Éric Sautou a fait partie des auteurs de ce volume collectif paru en 2002, Venant d’où ? – “collectif”, mais “n’illustrant en rien une quelconque « ligne ». Et visant moins à confondre – qu’à distinguer.” On y avait alors repéré un sens de l’ascèse (une écriture resserrée) que les livres suivant ont confirmé. “J’écris les mots que je vois. / Il va neiger, il neige un peu déjà. / Les mots restent simples (Les vacances, 2012).” “l’herbe est froide et verte / la pie / les ailes et le bec / j’ai soulevé ma voix / j’ai jeté un à un / les sept cailloux dans l’eau (Frédéric Renaissan, 2008)”. “le temps est seul il écoute / je regarde le soir d’être seul on me regarde seul au milieu / la mer est devant dehors est immense (La Tamarissière, 2006).
“je fais
quelque chose mais quoi
je sont les mots qui ne sont rien je reste
j’habite
seule ici et seule
je reste (passent
depuis des années)”
(Beaupré, 2021)
Ce qu’il y a de formidable avec cette collection, c’est que les livres se suivent et ne se ressemblent pas. Ce qui est loin de nuire à la cohérence de l’ensemble (36 ans après sa création par Claude Esteban, et 27 environ depuis qu’Yves di Manno en a repris l’animation, on en arrive à dépasser aujourd’hui les 200 volumes).
Cassandre à bout portant est le cinquième livre de Sandra Moussempès publié chez Poésie / Flammarion. Sorti le 20 janvier, il a bénéficié d’une attention critique plutôt élogieuse. Il faut dire que le titre est, comme souvent chez cette auteure, étonnant. Cassandre, nous dit-elle, est un des surnoms que lui avait donné son père. Dans un entretien récent pour Télérama, Anne Segal lui demande si le qualificatif “expérimental” qu’on accorde volontiers à son travail lui convient. Sandra Moussempès répond : “Oui, dans le sens où la poésie me permet d’inventer mon propre langage. À la suite de chocs traumatiques, notamment à l’adolescence avec la mort de mon père, la poésie m’est apparue comme seul lieu pour transmuter la violence et la souffrance car je ne pouvais pas « formuler » ce qui se tramait, sauf de façon déstructurée. Expérimenter, c’est aller au plus près de sa propre singularité sans pour autant savoir où l’on va.”

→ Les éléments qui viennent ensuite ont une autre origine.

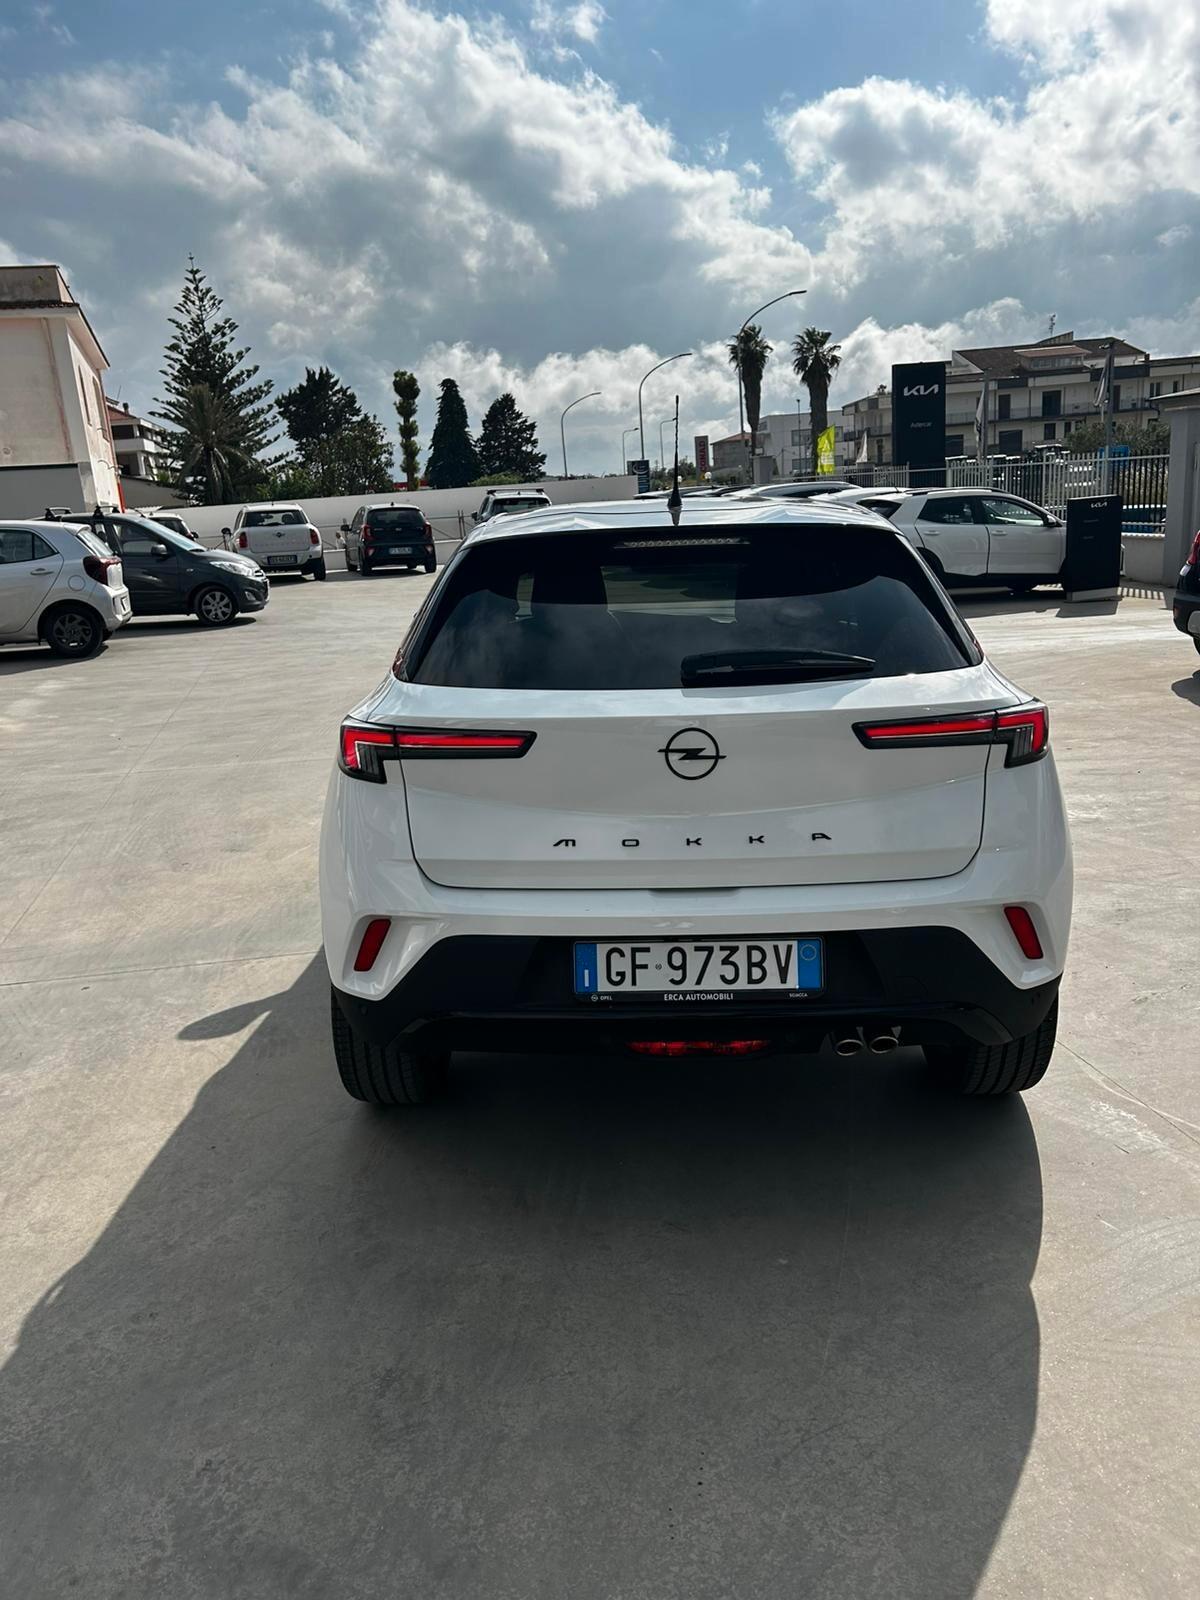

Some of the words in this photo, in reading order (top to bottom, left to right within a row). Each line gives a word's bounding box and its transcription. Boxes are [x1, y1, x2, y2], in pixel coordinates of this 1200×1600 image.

[904, 384, 939, 396] KIA
[553, 833, 832, 847] MOKKA
[664, 993, 684, 1001] ERCA
[685, 992, 734, 1001] AUTOMOBILI
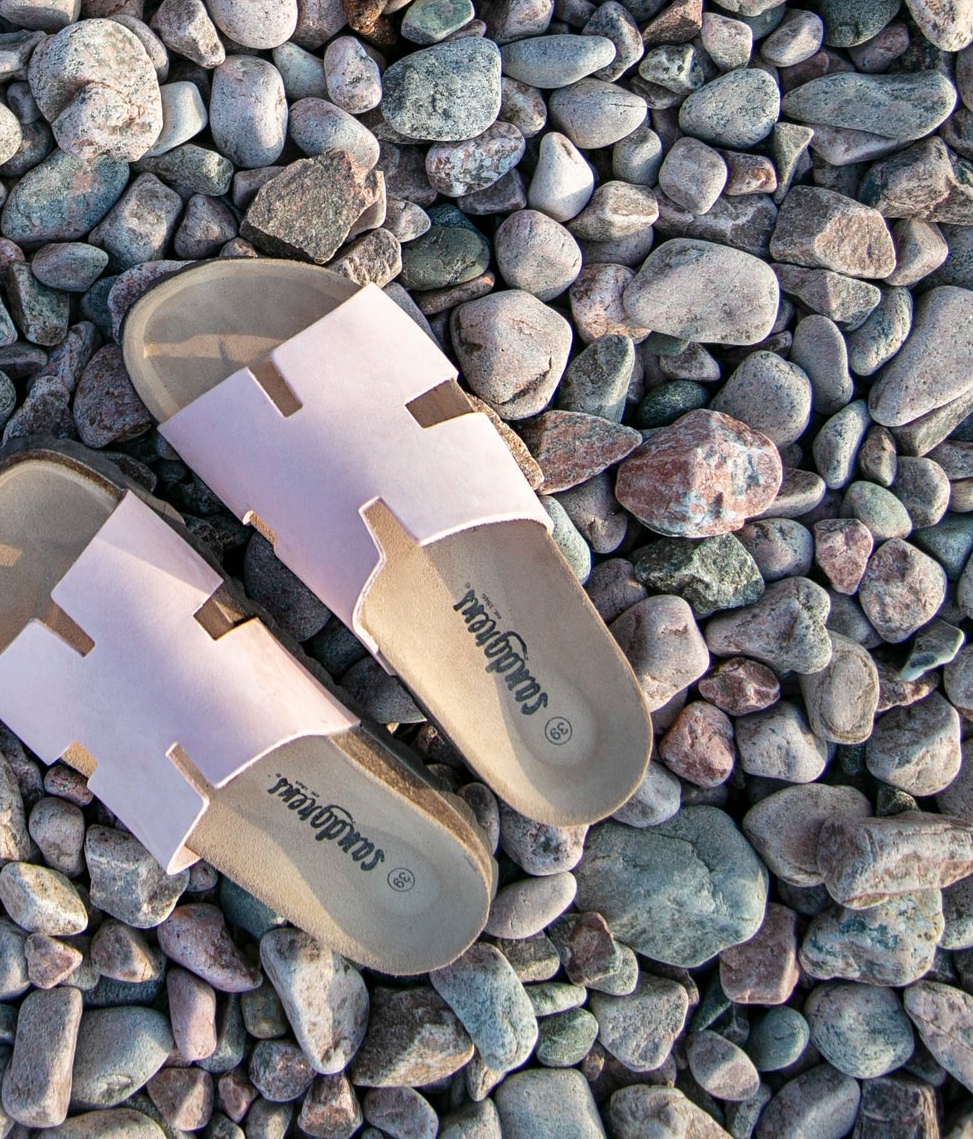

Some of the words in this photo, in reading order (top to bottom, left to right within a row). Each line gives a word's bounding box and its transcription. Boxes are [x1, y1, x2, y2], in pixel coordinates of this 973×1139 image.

Les références en lien étroit avec son travail d’écriture poétique que donne volontiers Sandra Moussempès permettent de saisir ce qui nous relie (Lynch ou Sofia Coppola par exemple) et ce qui nous sépare. Mais, comme à chaque fois, ce qui compte, ce ne sont pas nécessairement les affinités que nous avons en commun, mais ce qui s’est déposé en nous, une fois oublié les intentions de l’auteur(e), s’il en est de clairement exprimées. On ne fige rien par la lecture, on traverse le livre, s’arrêtant parfois pour noter quelques vers – ou une page :
“Ne pas mélanger la vie et le poème
Le poème
La vie – avec la vie
Le poème – et seulement le poème – donne sur une porte suivante
La vie et le poème ne peuvent en aucun cas se toucher (juste parfois se frôler)
Contrairement à ce qui se dit sur les poèmes et les portes”

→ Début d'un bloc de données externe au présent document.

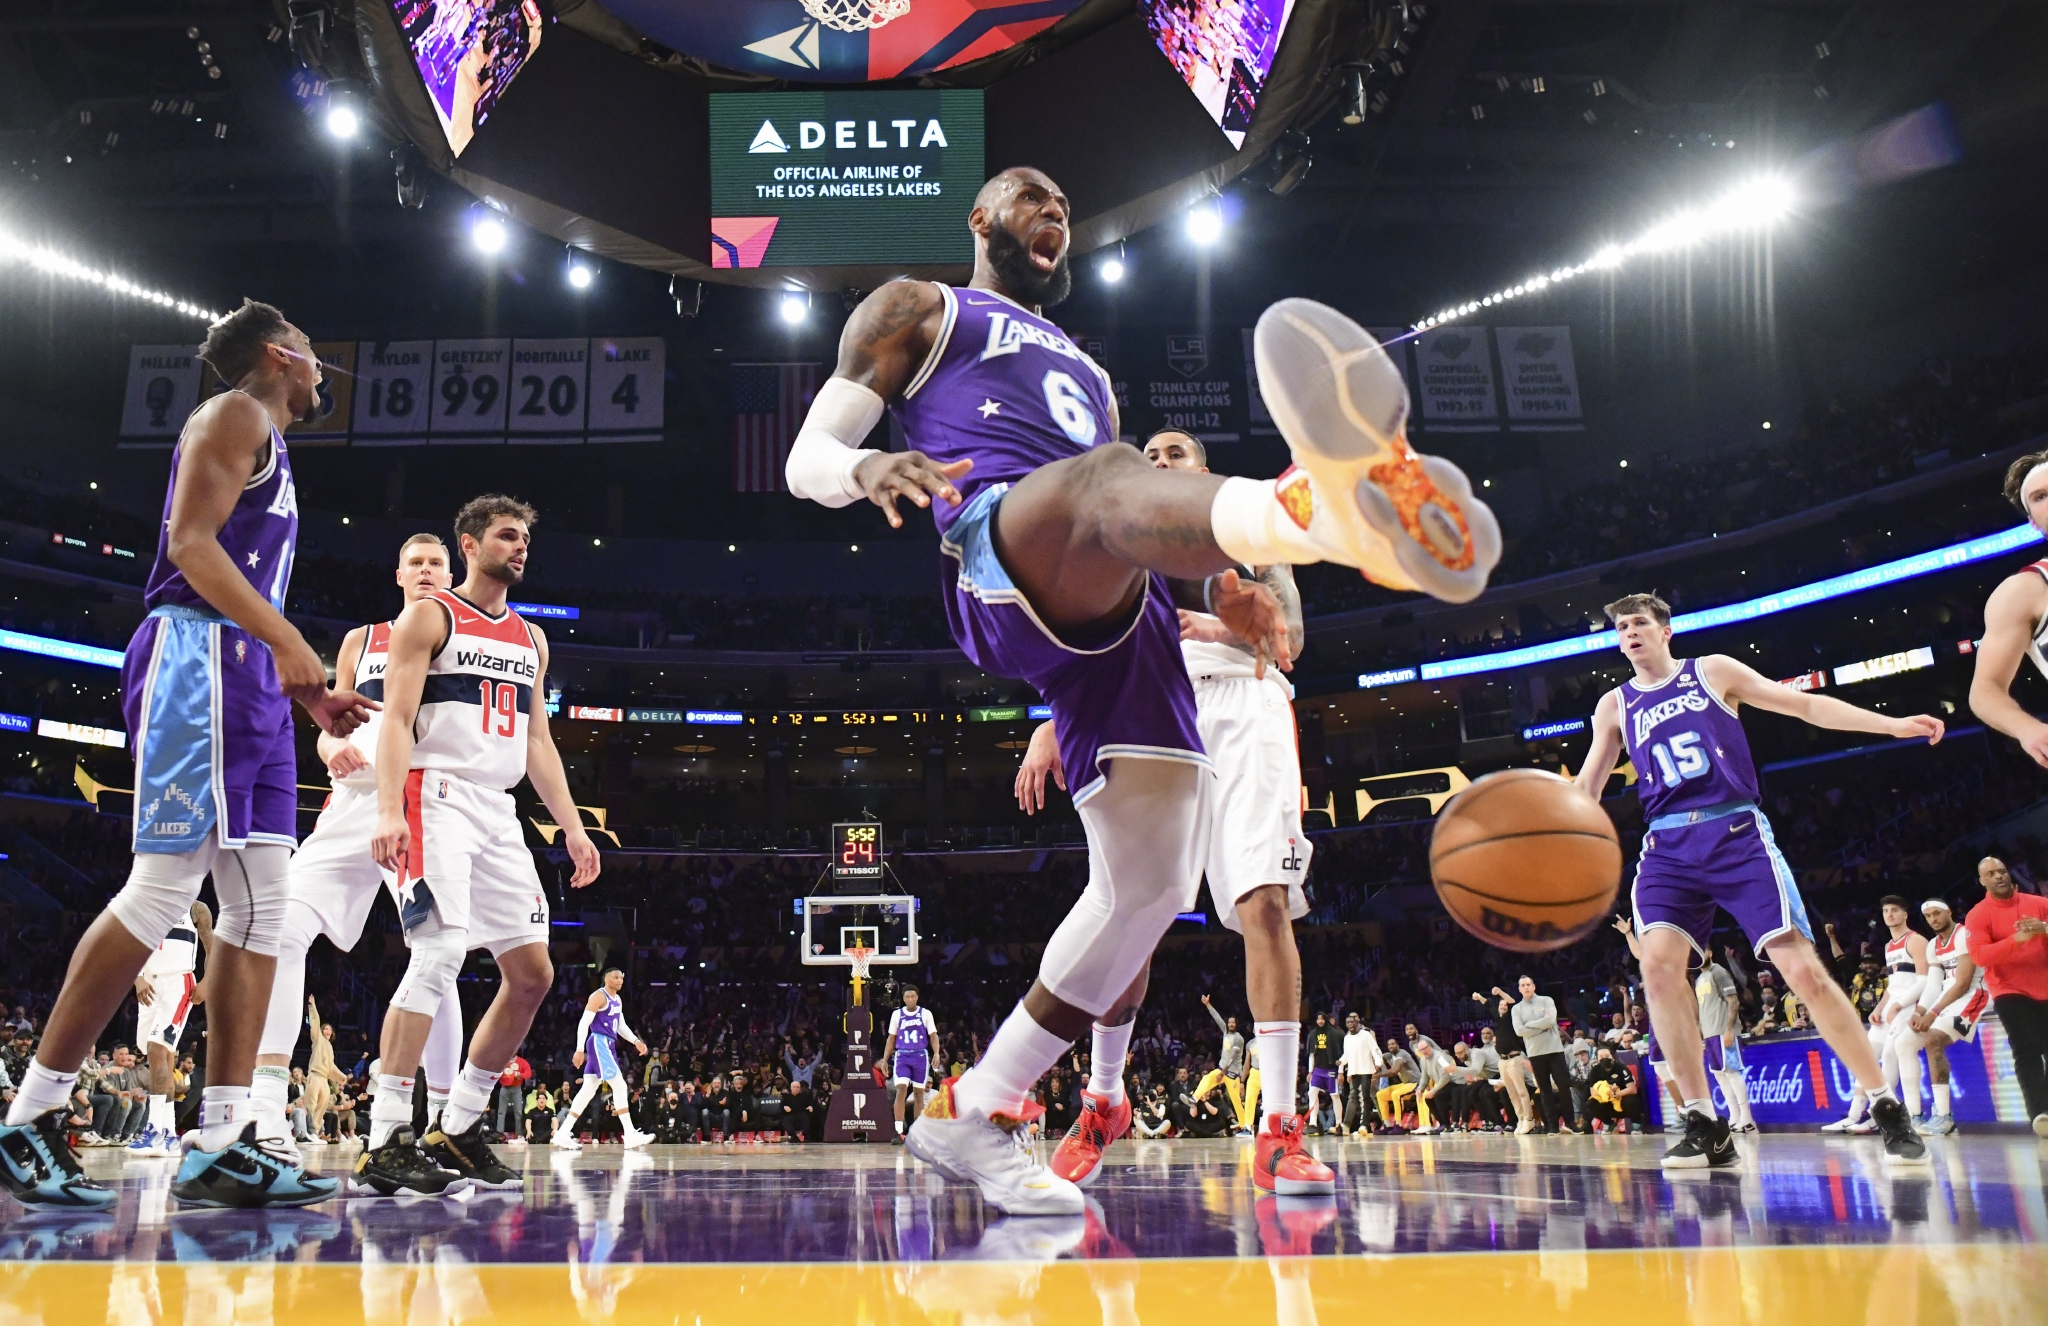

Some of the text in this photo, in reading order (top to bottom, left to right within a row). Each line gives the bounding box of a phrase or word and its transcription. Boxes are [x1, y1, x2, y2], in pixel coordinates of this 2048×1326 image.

[800, 119, 948, 149] DELTA
[773, 165, 923, 180] OFFICIAL AIRLINE OF
[756, 182, 941, 198] THE LOS ANGELES LAKERS
[141, 357, 191, 369] MILLER
[371, 353, 421, 366] TAYLOR
[441, 350, 503, 364] GRETZKY
[515, 351, 584, 363] ROBITAILLE
[605, 349, 651, 362] BLAKE
[442, 374, 499, 416] 99
[518, 374, 577, 416] 20
[611, 373, 640, 414] 4
[1150, 382, 1230, 394] STANLEY CUP
[369, 378, 414, 418] 18
[1151, 395, 1231, 407] CHAMPIONS
[1041, 369, 1097, 447] 6
[1163, 412, 1221, 428] 2011-12
[64, 537, 87, 548] TOYOTA
[1970, 534, 2019, 556] WIRELESS
[114, 547, 135, 558] TOYOTA
[1783, 586, 1825, 606] WIRELESS
[1826, 571, 1882, 595] COVERAGE
[1883, 556, 1940, 579] SOLUTIONS
[543, 607, 567, 616] ULTRA
[3, 635, 42, 652] WIRELESS
[43, 643, 92, 661] COVERAGE
[1446, 659, 1485, 674] WIRELESS
[1486, 652, 1535, 668] COVERAGE
[1537, 642, 1583, 660] SOLUTIONS
[1358, 667, 1414, 688] Spectrum
[479, 678, 518, 738] 19
[578, 706, 613, 721] Coca-Cola
[641, 711, 682, 721] DELTA
[695, 712, 744, 724] crypto.com
[789, 713, 803, 725] 72
[843, 713, 867, 725] 5:52
[870, 715, 876, 724] 3
[912, 712, 927, 723] 71
[1633, 688, 1709, 749] LAKERS
[1533, 719, 1585, 738] crypto.com
[1651, 730, 1710, 788] 15
[145, 783, 205, 821] LOS ANGELES
[154, 822, 191, 835] LAKERS
[847, 828, 876, 841] 5:52
[843, 842, 873, 864] 24
[904, 1030, 919, 1044] 14

On avait déjà relevé ceci : “Un poème est une façon de tresser les fissures / Dans un hôtel rempli de fantômes”. Ou encore, un peu plus loin : “Plus le visage s’efface plus la porte se referme // C’est l’esprit d’une chambre sans entrée ni sortie // Avec un barrage végétal vers lequel je deviens moi multipliée par deux // L’heure où surgissent les fantômes de tout miroir // Comme des racines d’arbres enlacées par un souvenir”. On se dit qu’il s’agit de contes plus ou moins fantastiques. Ou cruels. “Des princesses hurlent à sa place quand le son est coupé” (ouvrant au hasard le précédent livre de Sandra Moussempès publié dans cette collection, Sunny girls, je tombe sur : “Prenons un son dédié aux princesses / Lorsque la peau s’assombrit légèrement”).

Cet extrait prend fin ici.